(Items from a dataset)
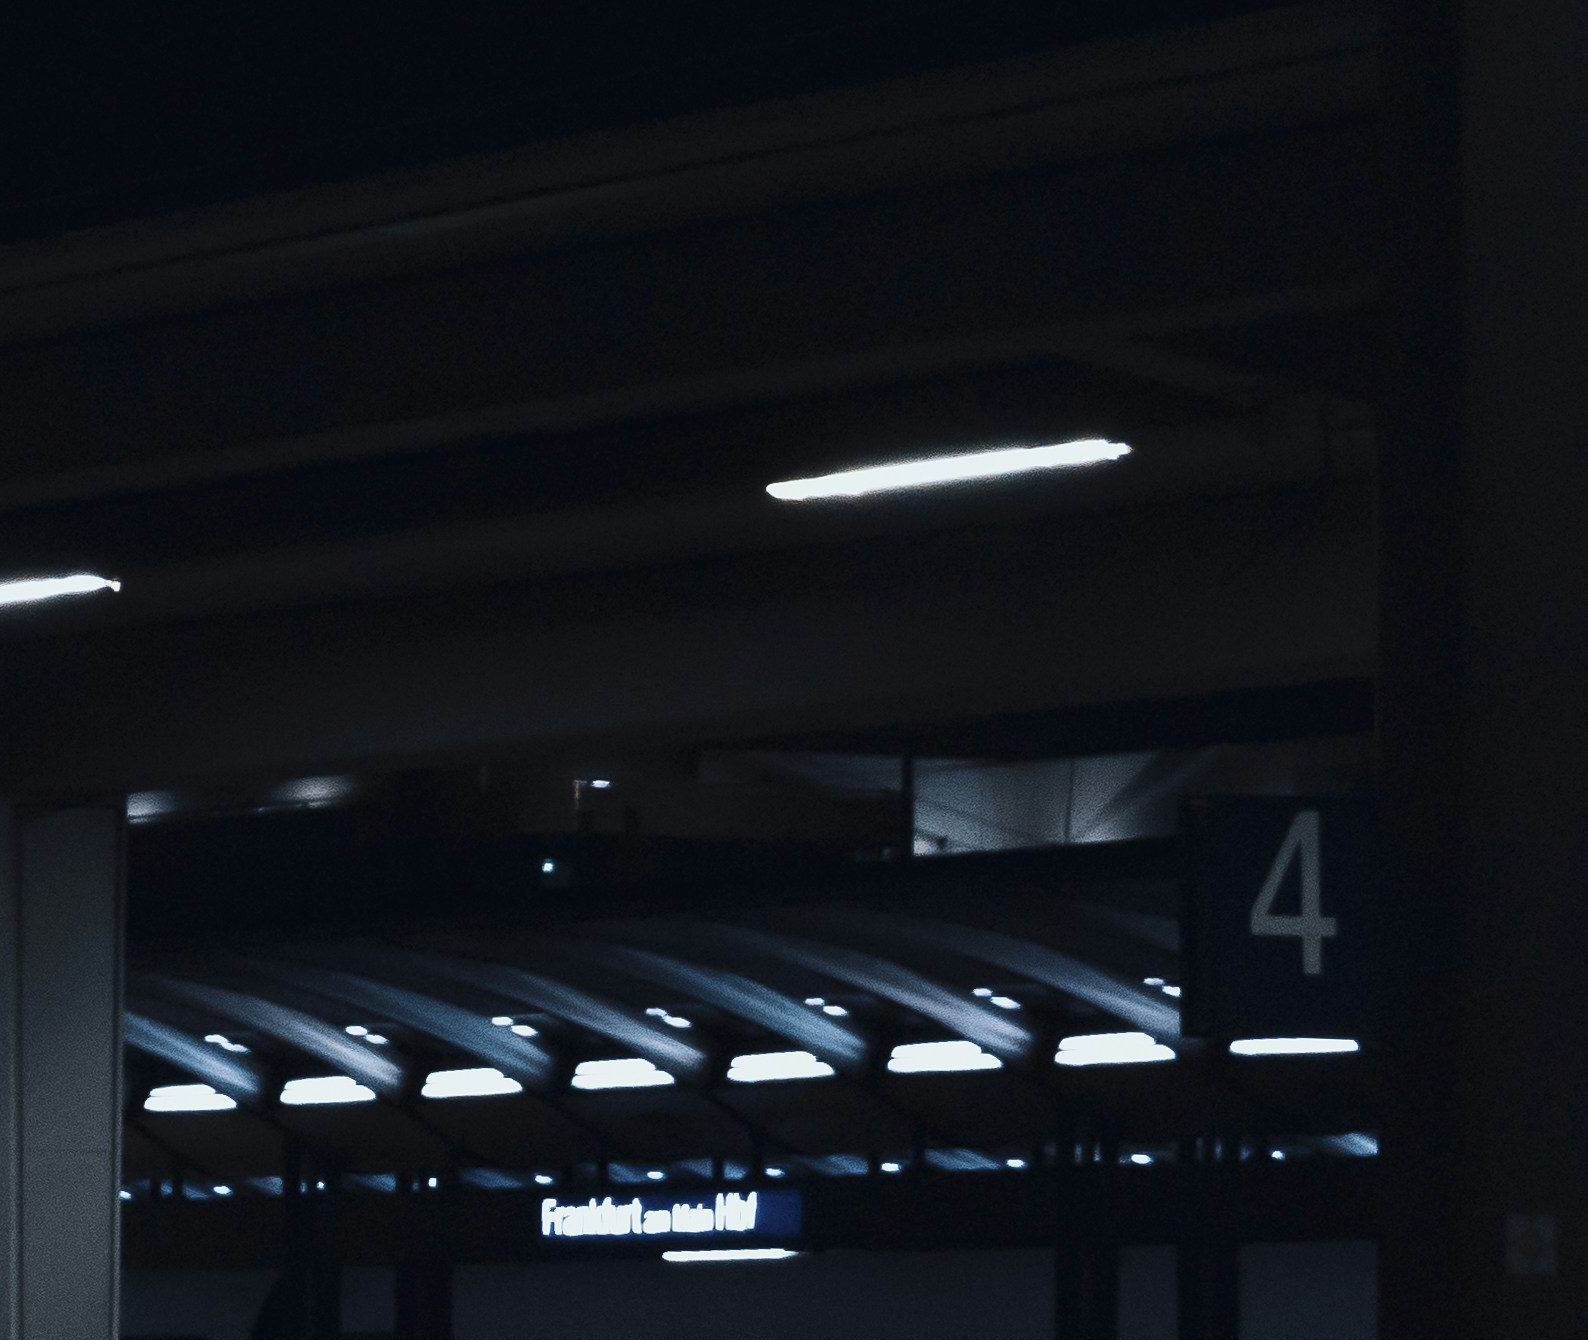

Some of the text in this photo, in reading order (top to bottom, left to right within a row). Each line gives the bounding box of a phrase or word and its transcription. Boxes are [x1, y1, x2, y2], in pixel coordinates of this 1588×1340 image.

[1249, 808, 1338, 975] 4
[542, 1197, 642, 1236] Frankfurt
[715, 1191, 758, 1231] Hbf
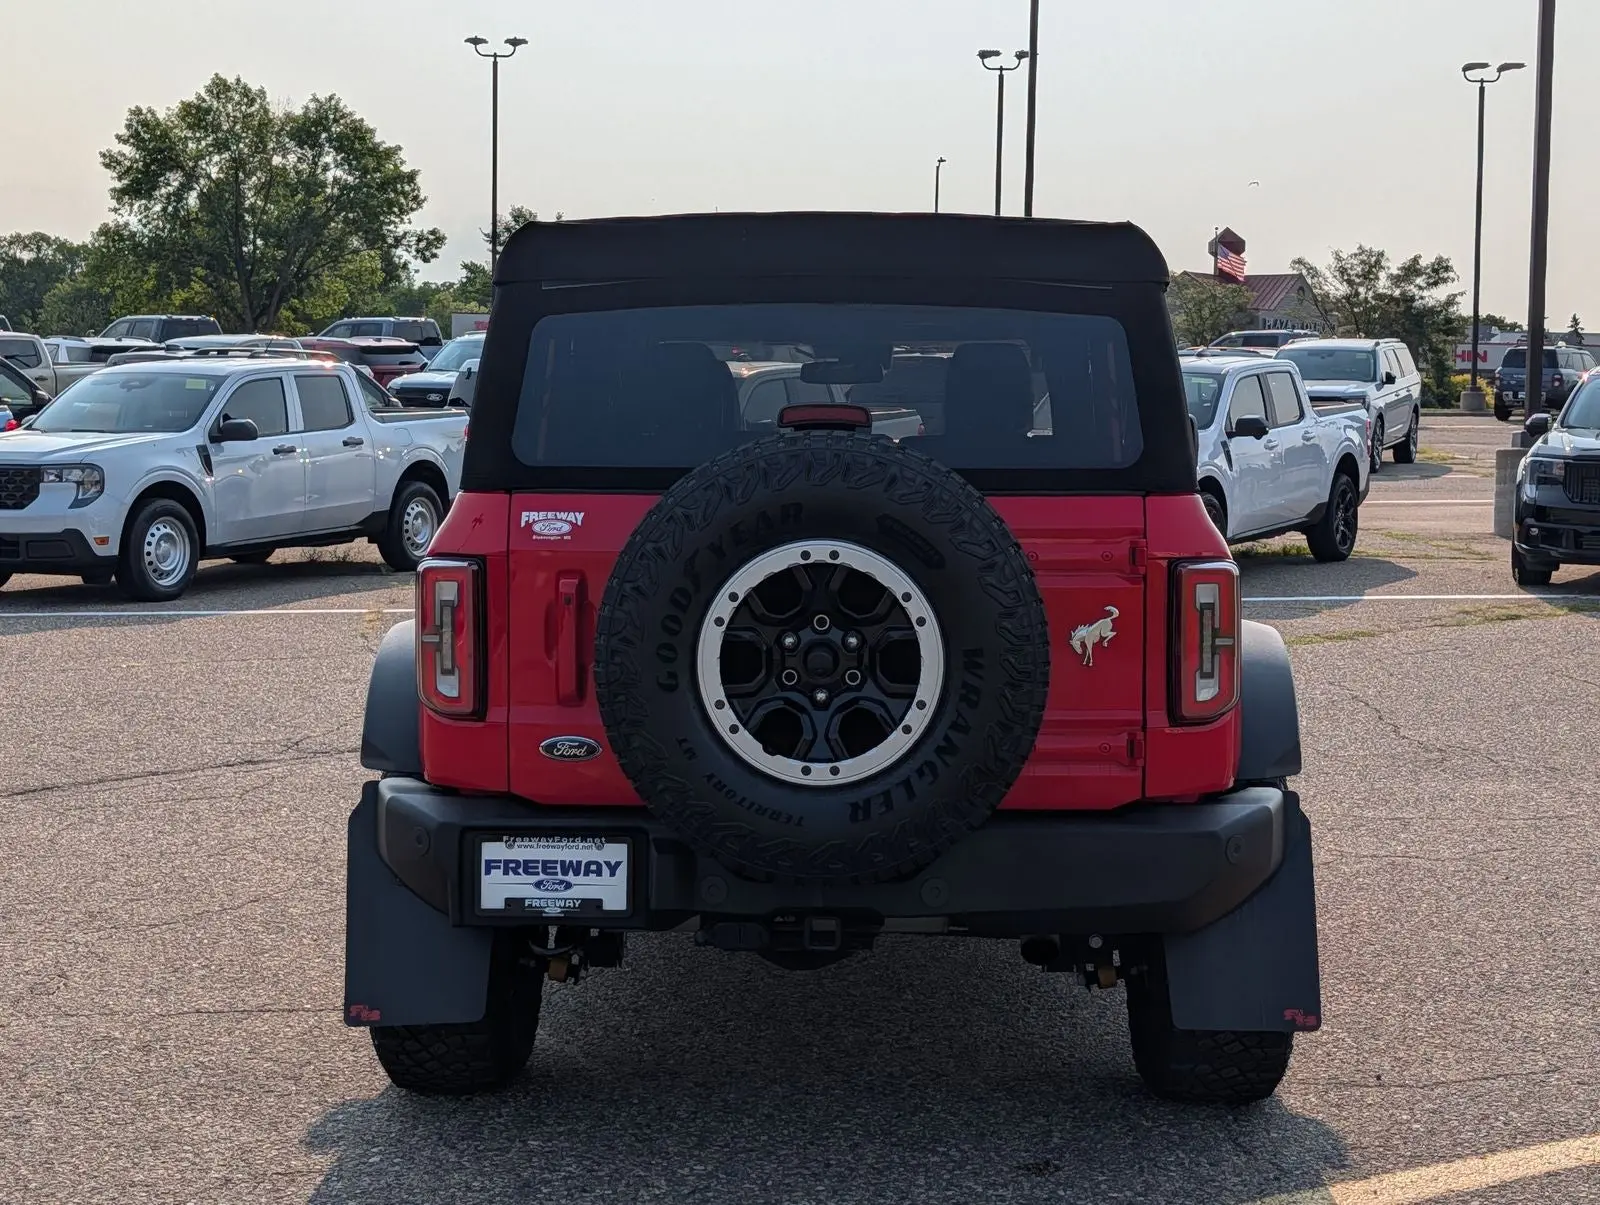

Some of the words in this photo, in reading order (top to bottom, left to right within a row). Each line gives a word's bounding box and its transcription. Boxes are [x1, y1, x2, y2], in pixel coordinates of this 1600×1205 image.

_To do_: Output all of the records exactly as they appear above, but not the pictures.

_Exercise response_:
Some of the text in this photo, in reading order (top to bottom, left to right within a row). Each line gives the bounding box of a phrase or word and its transcription. Boxes are [x1, y1, x2, y2], in pixel coordinates of this 1588×1340 image.

[1249, 808, 1338, 975] 4
[542, 1197, 642, 1236] Frankfurt
[715, 1191, 758, 1231] Hbf

Some of the words in this photo, in reading order (top to bottom, left to right within a row). Each line gives a word's bounding box and its transcription. Boxes are [x1, y1, x2, y2], in pixel coordinates of this 1600×1205 image.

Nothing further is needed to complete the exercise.